Exercise goal
Keep the pictures out of the copy and print all the entries below exactly.

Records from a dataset
******

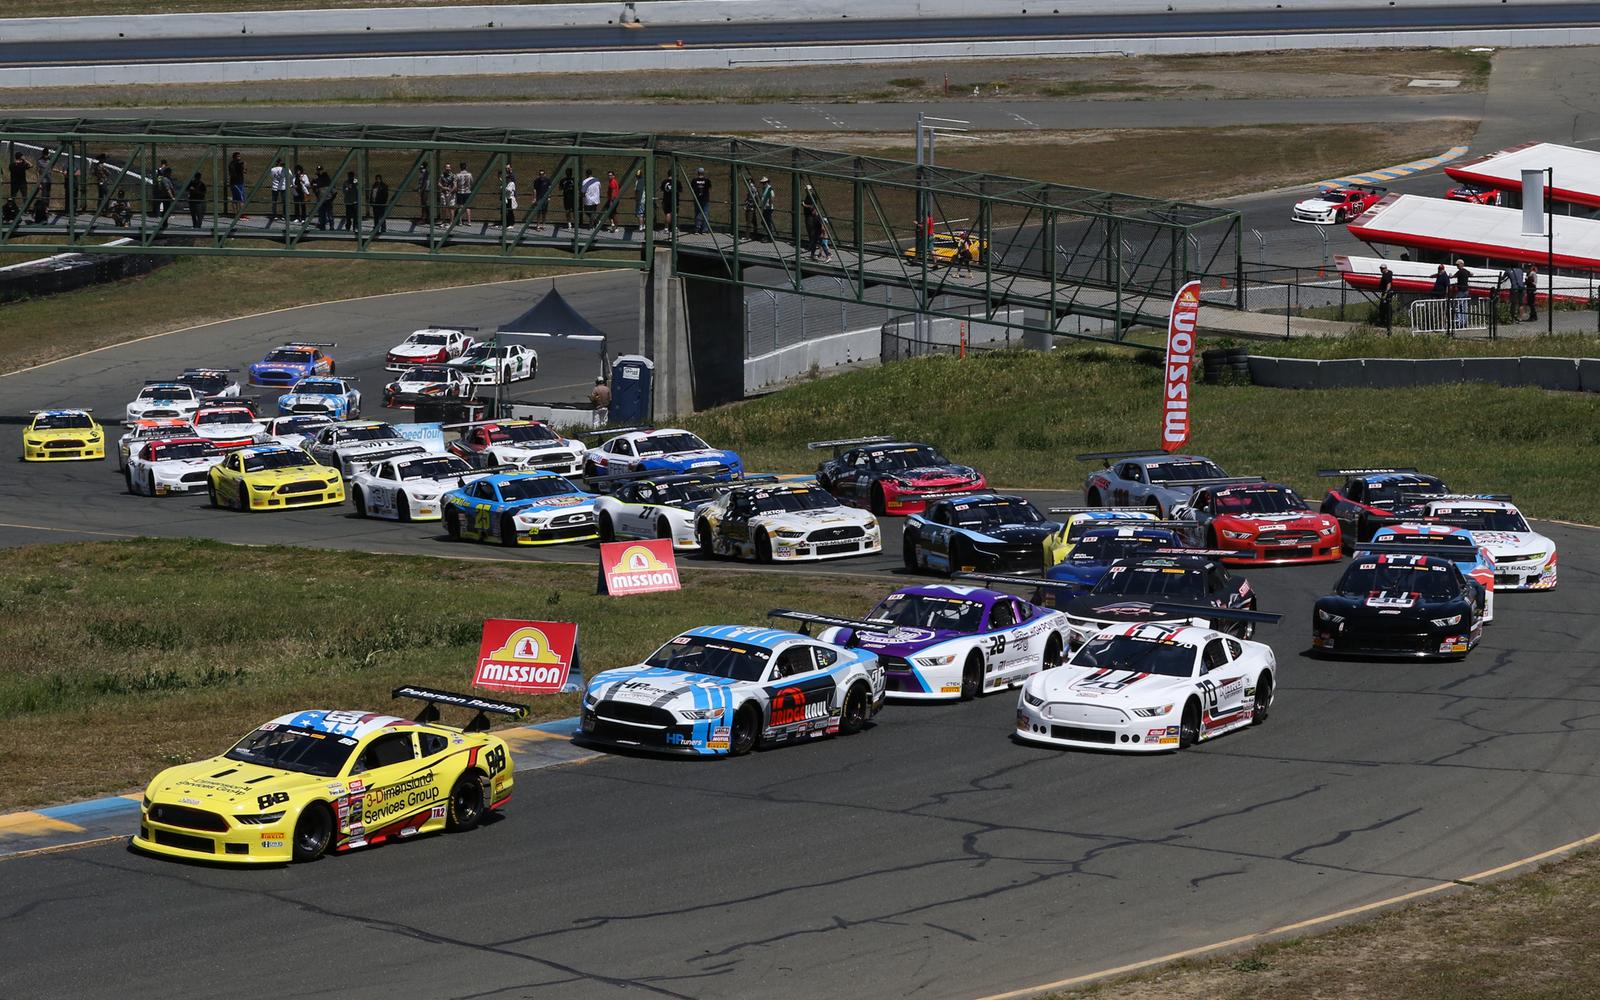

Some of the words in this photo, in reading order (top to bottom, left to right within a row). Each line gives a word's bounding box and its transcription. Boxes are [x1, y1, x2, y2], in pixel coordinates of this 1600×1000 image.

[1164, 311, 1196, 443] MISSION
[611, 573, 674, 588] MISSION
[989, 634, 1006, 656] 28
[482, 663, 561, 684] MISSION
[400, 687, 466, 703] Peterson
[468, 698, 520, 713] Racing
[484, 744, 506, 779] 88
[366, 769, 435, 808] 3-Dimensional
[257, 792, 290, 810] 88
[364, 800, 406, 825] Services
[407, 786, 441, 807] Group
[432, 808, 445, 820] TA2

******

Response
Some of the words in this photo, in reading order (top to bottom, left to right within a row). Each line gives a word's bounding box and its transcription. Boxes are [x1, y1, x2, y2], in pixel coordinates of this 1600×1000 image.

[1164, 311, 1196, 443] MISSION
[611, 573, 674, 588] MISSION
[989, 634, 1006, 656] 28
[482, 663, 561, 684] MISSION
[400, 687, 466, 703] Peterson
[468, 698, 520, 713] Racing
[484, 744, 506, 779] 88
[366, 769, 435, 808] 3-Dimensional
[257, 792, 290, 810] 88
[364, 800, 406, 825] Services
[407, 786, 441, 807] Group
[432, 808, 445, 820] TA2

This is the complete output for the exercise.